Profissionais que deixaram suas casas para viver no trabalho explicam como é atuar no tratamento de quem tem doenças graves durante a pandemia

A palavra paliativo vem do latim pallium, que significa acolher, cuidar, amparar. A medicina paliativa valoriza justamente o cuidado do paciente e é um complemento aos tratamentos. Quem recebe o diagnóstico de uma doença crônica grave ou terminal, por exemplo, pode receber essa atenção especial. Não apenas o doente, mas toda a família que o acompanha.

“Uma pessoa que está muito doente precisa de uma escuta ativa, o ser humano chega aqui no limite e a perspectiva da morte gera dor e profunda angústia existencial”, diz Samir Salman, superintendente do Hospital Premier, especializado em medicina paliativa.

Diante do desafio de tratar pacientes sob cuidados paliativos em meio à pandemia de covid-19, o hospital paulista decidiu fechar as portas para proteger todos e barrar o novo coronavírus desde o dia 25 de março.

“Foi uma atitude ousada, mas estamos preservando a vida dos pacientes e dos profissionais que trabalham conosco”, explica Samir.

Difícil decisão

A enfermeira Bianca Vieira conta que não foi uma decisão fácil se mudar para o hospital.

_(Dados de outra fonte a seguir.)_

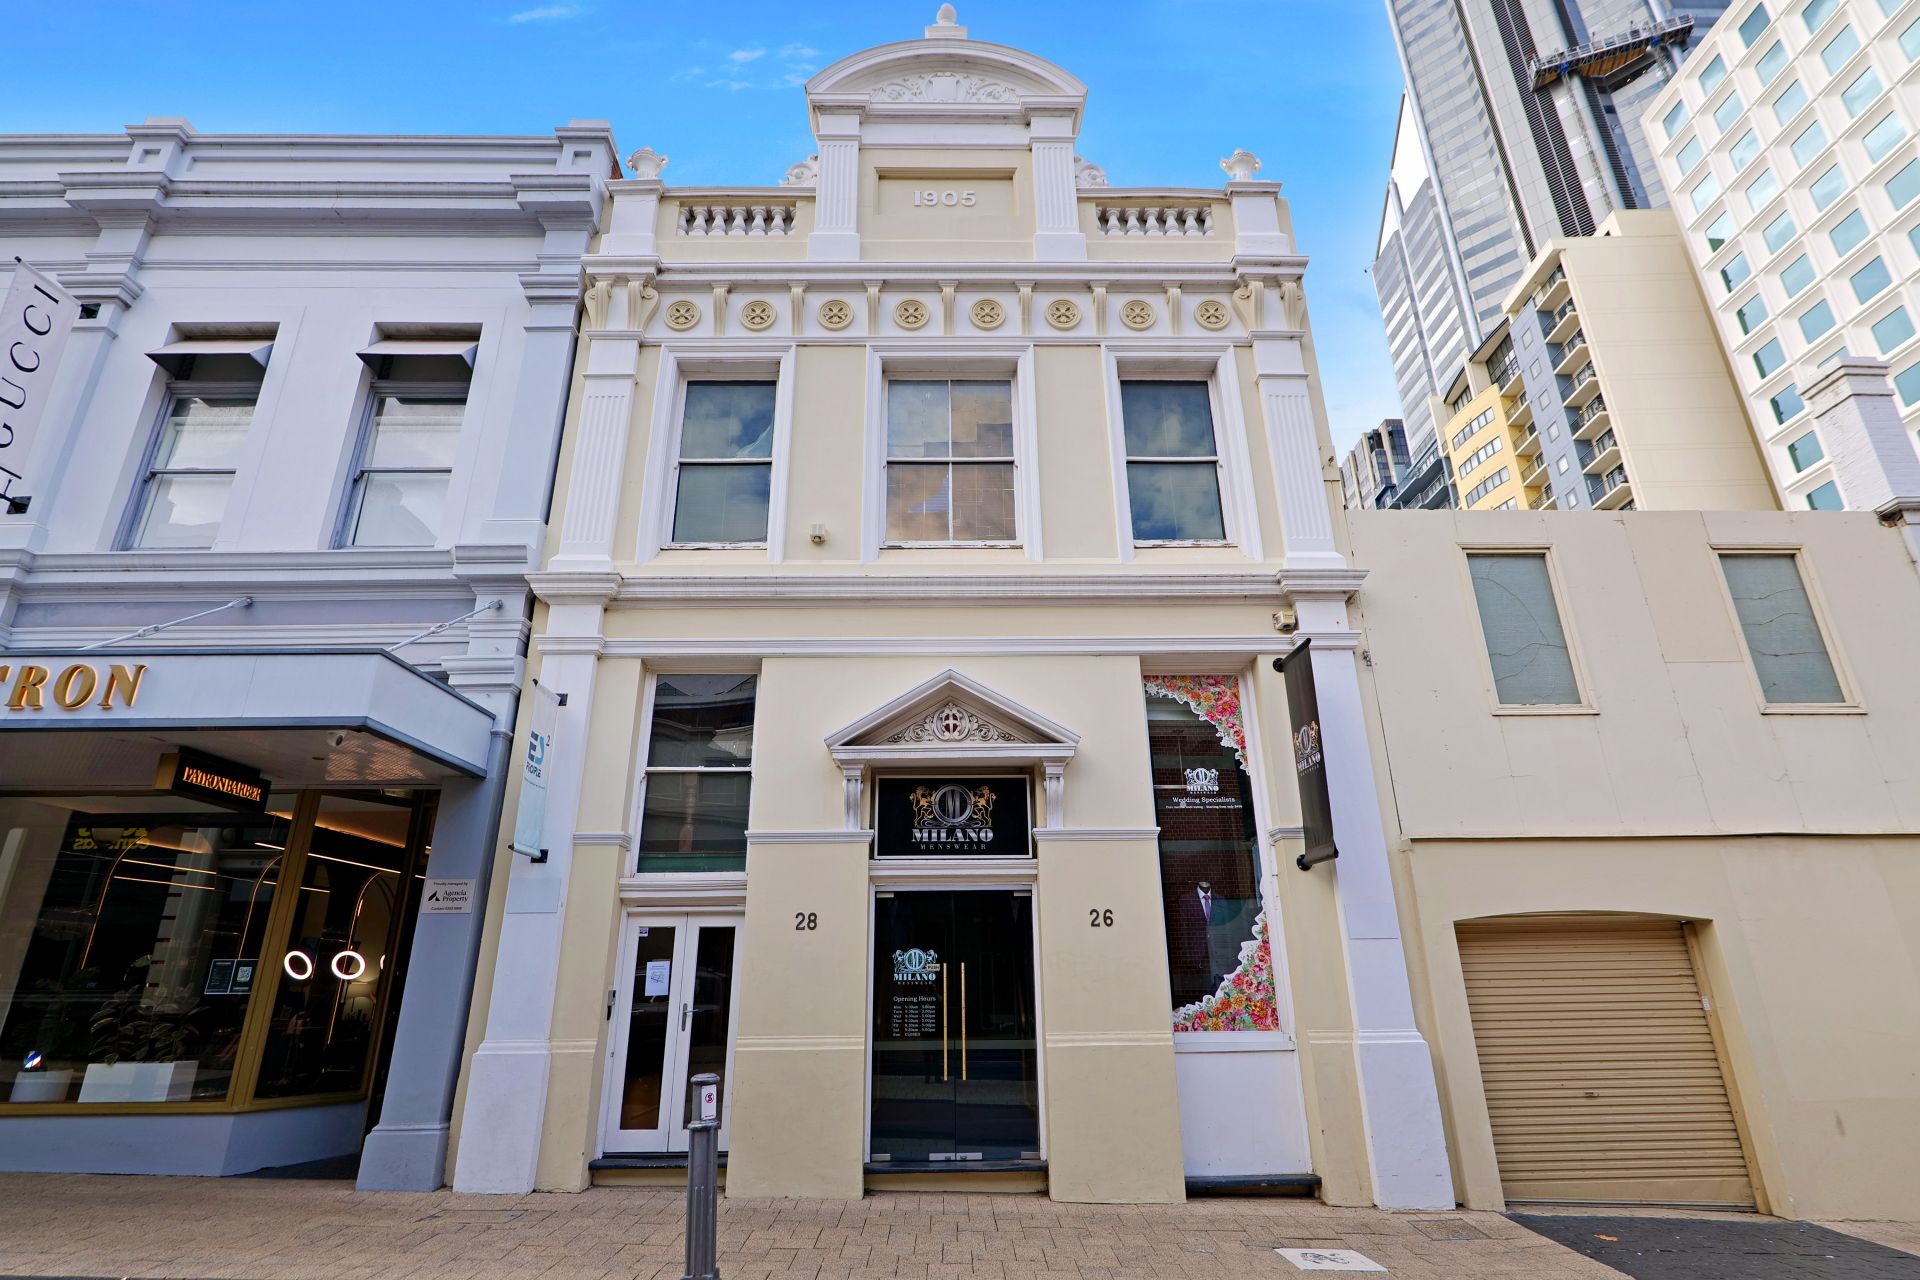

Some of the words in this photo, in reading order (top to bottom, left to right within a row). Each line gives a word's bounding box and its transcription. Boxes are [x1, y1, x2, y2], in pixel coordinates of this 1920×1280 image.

[913, 190, 977, 208] 1905
[0, 664, 148, 710] RON
[911, 828, 994, 842] MILANO
[795, 912, 818, 931] 28
[1089, 909, 1114, 927] 26
[893, 973, 937, 981] MILANO

Recém-casada, a jovem perdeu o chão quando a proposta chegou.

“O primeiro impacto foi pensar: vai ser uma loucura, muita gente junta no mesmo lugar, isso vai dar certo? Como será com as roupas?”, conta Bianca. “Eram muitas dúvidas sem resposta.”

Alojamentos foram organizados para os funcionários
Divulgação

Bianca chegou em casa e conversou com o marido, que optou por deixá-la livre para tomar a decisão. “Pensei bem, não conseguiria ficar longe dos meus pacientes nesse momento e decidi ficar no hospital.”

Médicos e pacientes

Formado em Medicina pela Universidade Federal de Belém, Welissom Souza decidiu vir morar em São Paulo para se especializar em geriatria. O cuidado com o ser humano de uma maneira integral o levou à especialização em cuidados paliativos.

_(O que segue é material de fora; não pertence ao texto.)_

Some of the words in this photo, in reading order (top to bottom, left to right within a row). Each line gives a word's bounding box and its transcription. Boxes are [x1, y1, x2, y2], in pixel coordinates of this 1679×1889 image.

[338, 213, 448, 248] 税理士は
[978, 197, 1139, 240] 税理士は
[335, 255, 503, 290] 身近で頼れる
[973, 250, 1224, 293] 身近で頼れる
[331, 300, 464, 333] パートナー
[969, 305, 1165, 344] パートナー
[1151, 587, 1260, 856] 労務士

O médico decidiu cursar medicina após acompanhar a avó em um tratamento cardíaco. “Percebi que os médicos, de maneira geral, se preocupavam muito com o quadro clínico, mas se esquecem do ser humano que está ali.”

Cuidado paliativo: o ser humano visto como um todo
Ruam Oliveira/Hospital Premier/Divulgação

A Dona Carmem — como Welissom se refere carinhosamente à avó — morria de medo de hospital, agulhas e da morte. “Ninguém parou para ouvir ou deu a atenção que ela precisava naquele momento.”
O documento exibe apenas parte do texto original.